Nuclear power could continue to be a reliable and carbon-free energy source at least from a near-term perspective. In addition to the safety issues, another risk that may threaten the sustainability of this technology is the uranium supply disruption. As opposed to the land-based deposits, the ocean contains 1,000 times more uranium reserves and provides a more abundant resource for uranium. However, due to the very low concentration and presence of many other metal ions as well as the accumulation of microorganisms, the development of uranium extraction technology faces enormous challenges. Here we report a bifunctional polymeric peptide hydrogel that shows not only strong affinity to and selectivity for uranium in seawater but also remarkable resistance against biofouling. Detailed characterizations reveal that the amino acid in this peptide material serves as the binding ligand, and uranyl is exclusively bound to the oxygen atoms. Benefiting from its broad-spectrum antimicrobial activity, the present polymeric adsorbent can inhibit the growth of approximately 99% of marine microorganisms. Measurements in natural seawater show that this peptide material delivers an impressive extraction capacity of 7.12 mg g⁻¹ and can be reused. This work opens a new direction for the design of low-cost and sustainable materials for obtaining nuclear fuel.
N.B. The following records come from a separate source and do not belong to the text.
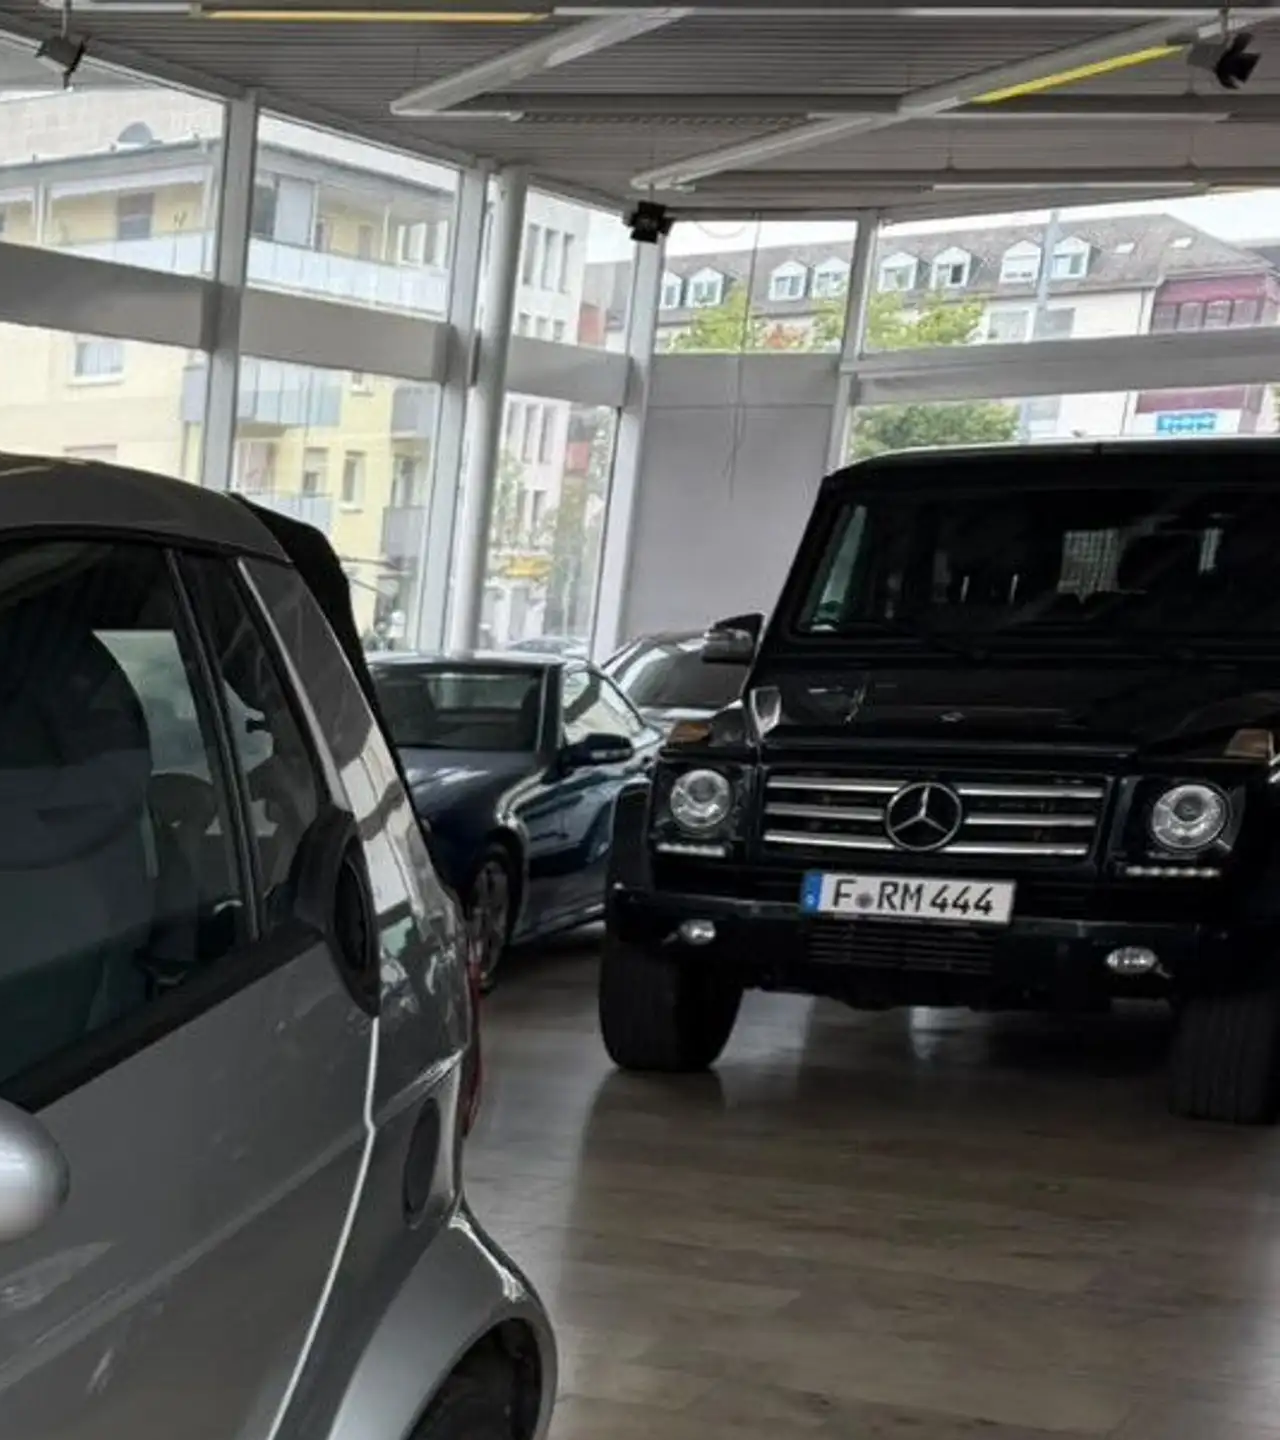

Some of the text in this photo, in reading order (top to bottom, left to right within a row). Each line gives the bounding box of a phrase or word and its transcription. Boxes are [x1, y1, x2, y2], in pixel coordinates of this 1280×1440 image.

[833, 878, 857, 908] F
[877, 880, 924, 912] RM
[930, 884, 994, 915] 444
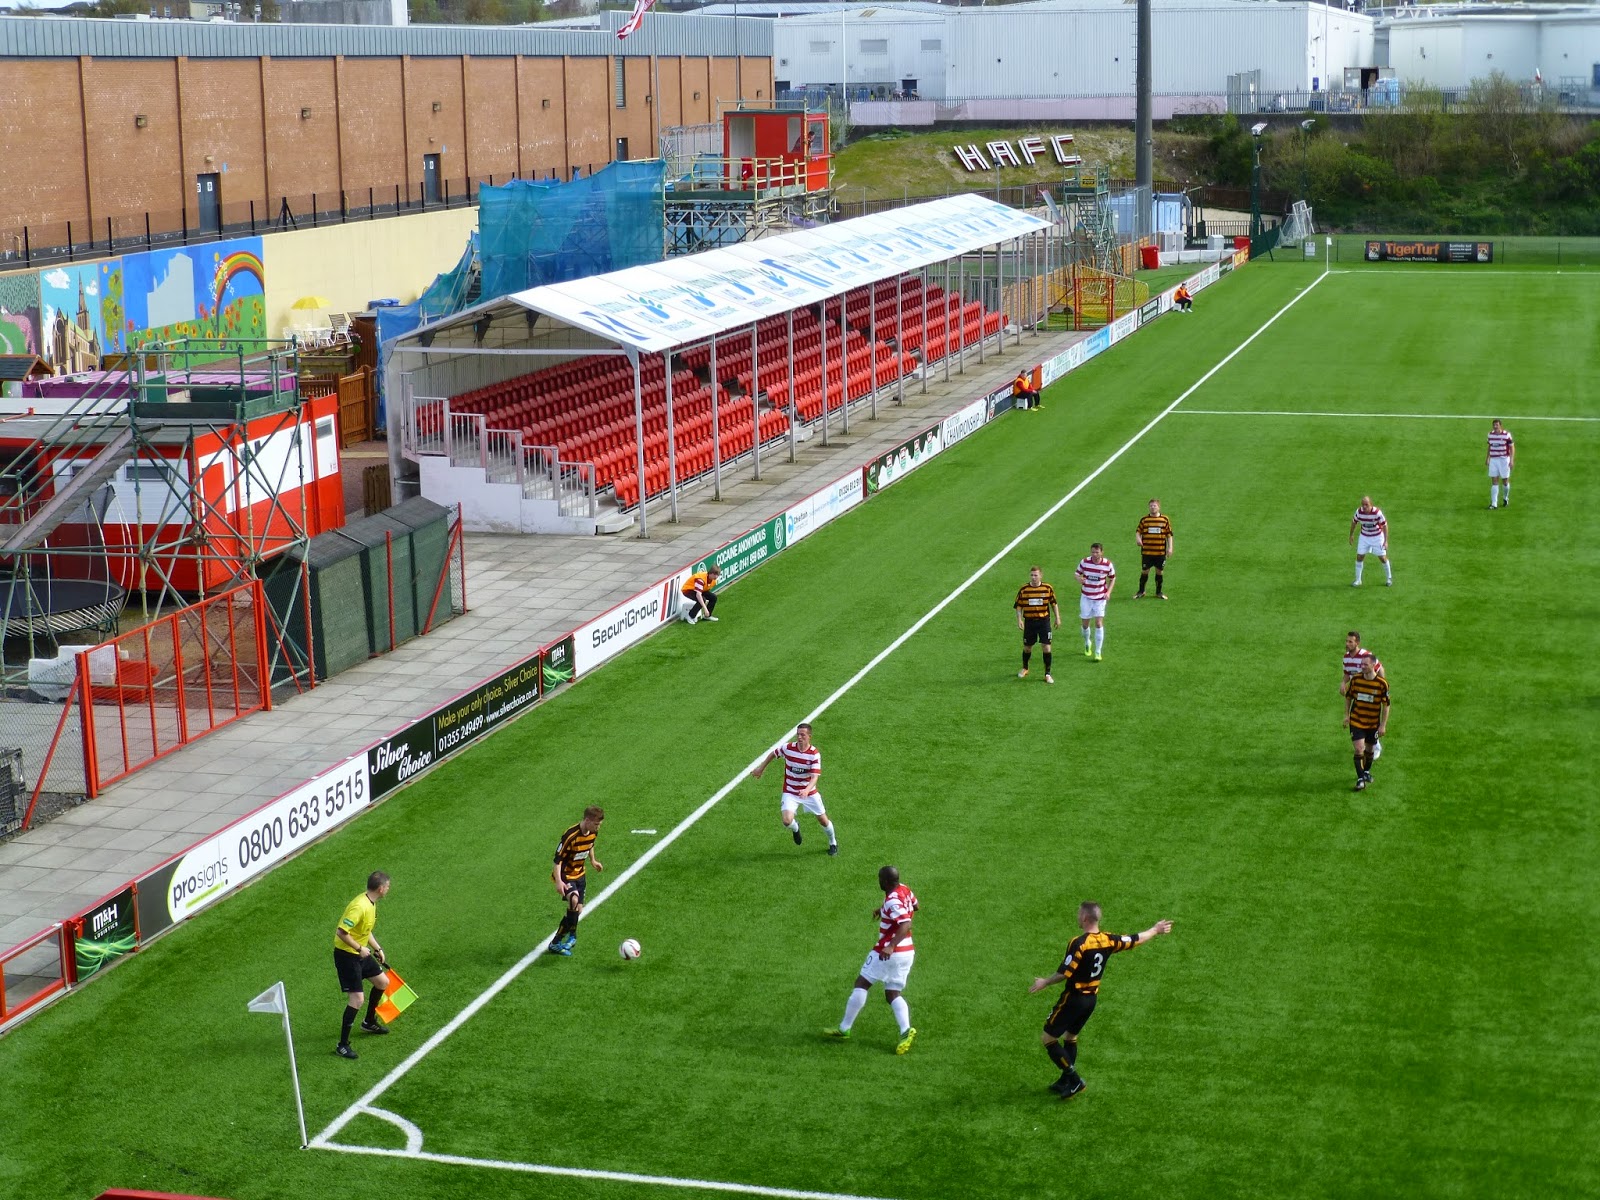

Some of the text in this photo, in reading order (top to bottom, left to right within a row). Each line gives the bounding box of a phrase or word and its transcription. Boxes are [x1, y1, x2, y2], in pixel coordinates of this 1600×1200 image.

[953, 134, 1082, 171] HAFC
[1386, 243, 1440, 256] TigerTurf
[945, 411, 980, 446] CHAMPIONSHIP
[716, 527, 767, 567] COCAINE ANONYMOUS
[739, 556, 750, 572] 0141
[592, 599, 659, 649] SecuriGroup
[438, 710, 457, 731] Make
[456, 703, 471, 724] your
[470, 694, 483, 712] only
[503, 676, 519, 693] Silver
[519, 665, 538, 684] Choice
[438, 683, 538, 752] 01355 249499 www.silverchoice.co.uk
[371, 741, 410, 775] Silver
[398, 750, 432, 781] Choice
[238, 769, 364, 869] 0800 633 5515
[172, 856, 228, 908] prosigns
[93, 903, 118, 933] M&H
[94, 921, 119, 940] LOGISTICS
[1090, 952, 1104, 978] 3
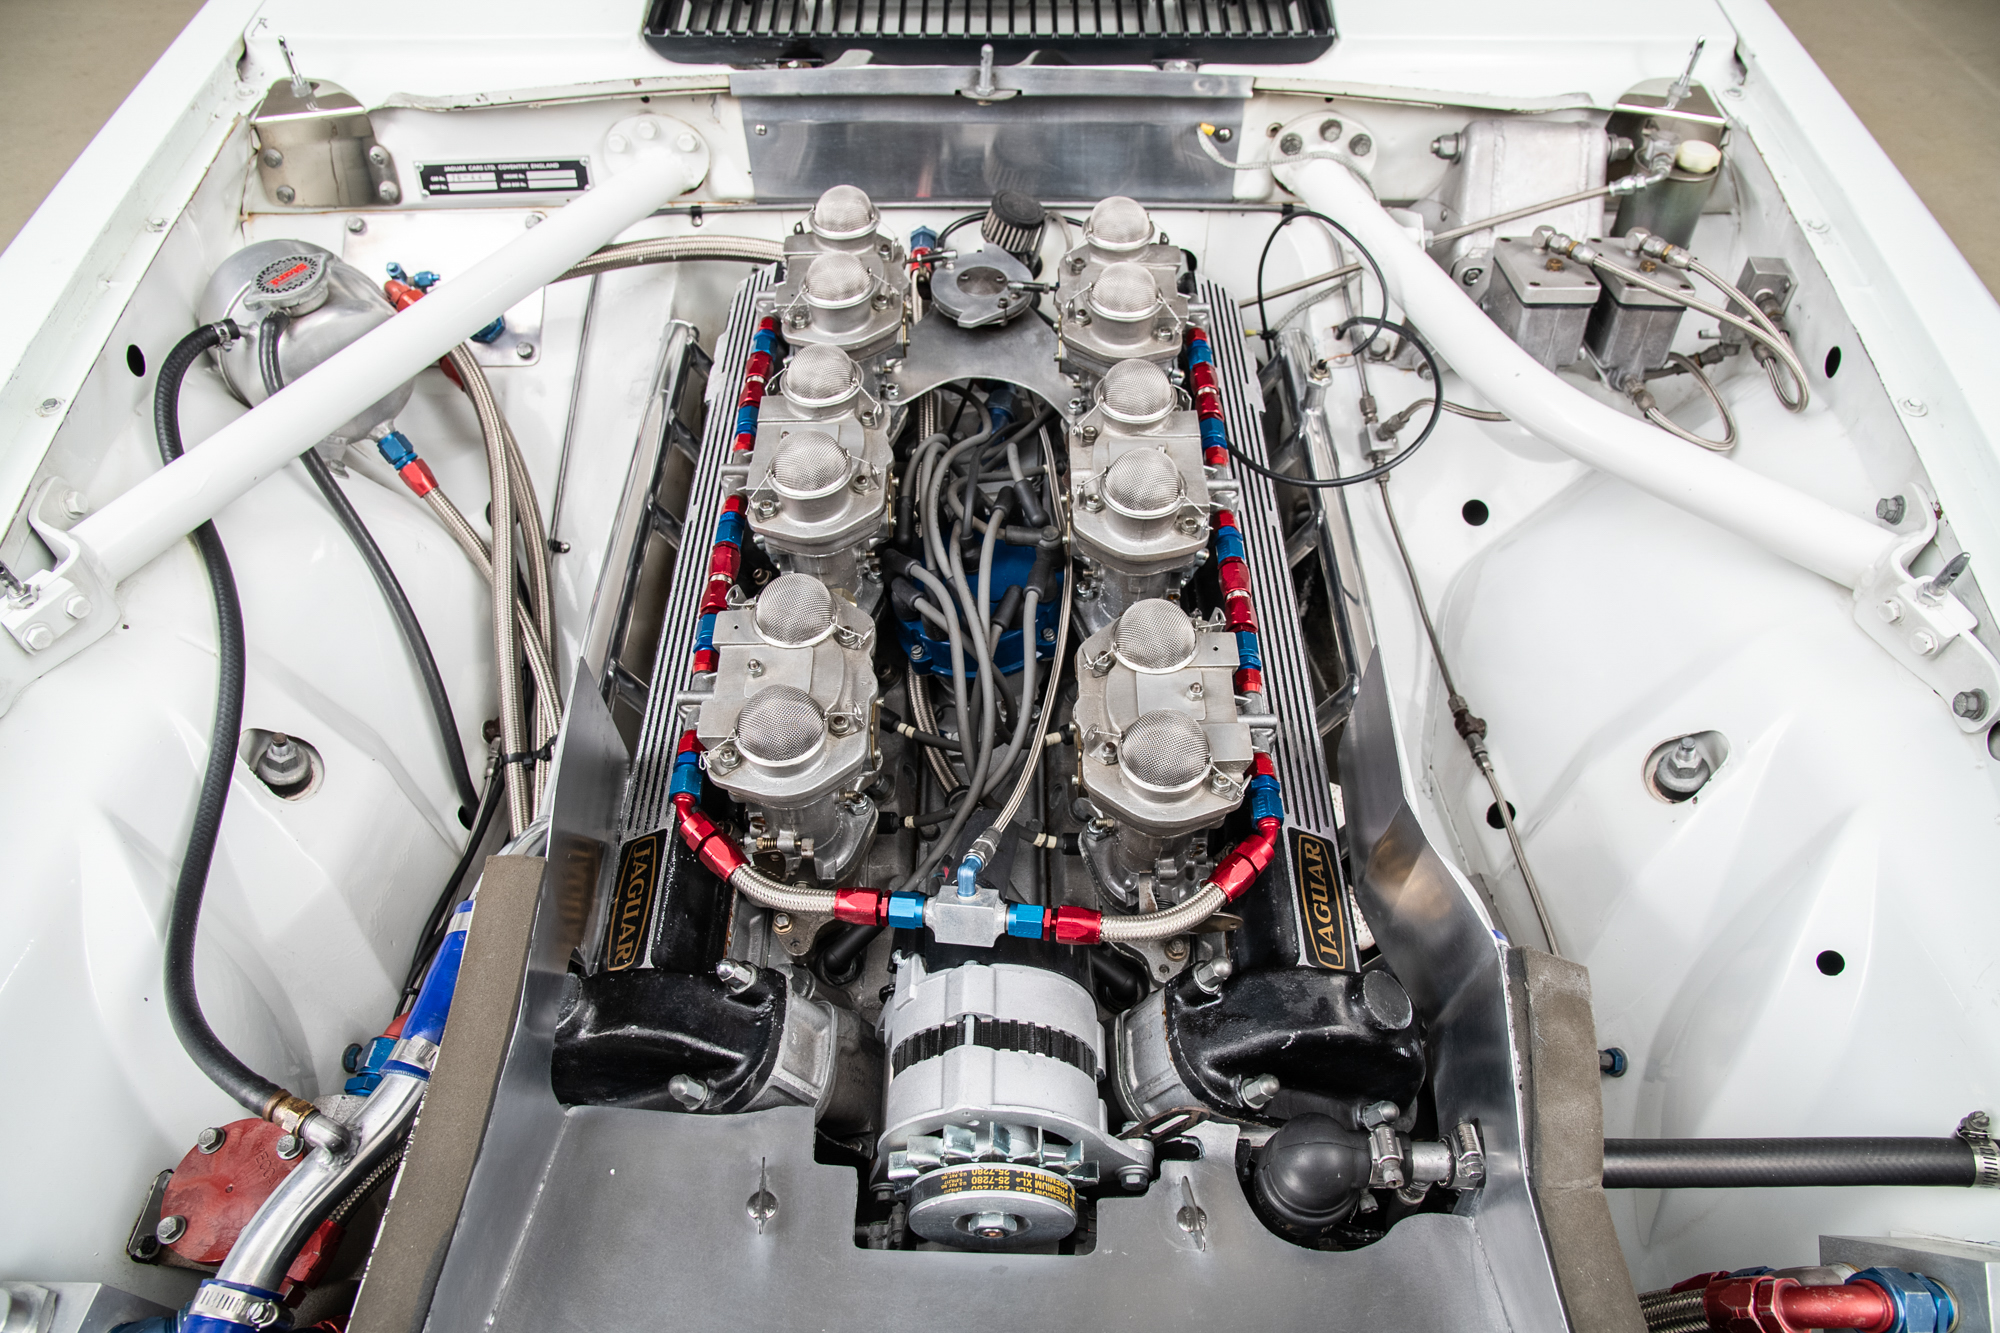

至少从近期角度来看，核电可以继续成为可靠的无碳能源。除安全问题外，铀供应中断也可能威胁到该技术的可持续性。与陆上沉积物不同，海洋中的铀储量多出1000倍，为铀提供了更丰富的资源。然而，由于非常低的浓度和许多其他金属离子的存在以及微生物的积累，铀提取技术的发展面临着巨大的挑战。在这里，我们报告了一种双功能聚合物肽水凝胶，该凝胶不仅显示出对海水中铀的强亲和力和选择性，而且还具有出色的抗生物结垢性。详细的特征表明，该肽材料中的氨基酸用作结合配体，而铀酰仅与氧原子结合。得益于其广谱抗微生物活性，本发明的聚合物吸附剂可以抑制约99％的海洋微生物的生长。在天然海水中的测量结果表明，这种肽材料的提取能力令人印象深刻，为7.12 mg g^-1，可以重复使用。这项工作为设计低成本和可持续的获取核燃料的材料开辟了新的方向。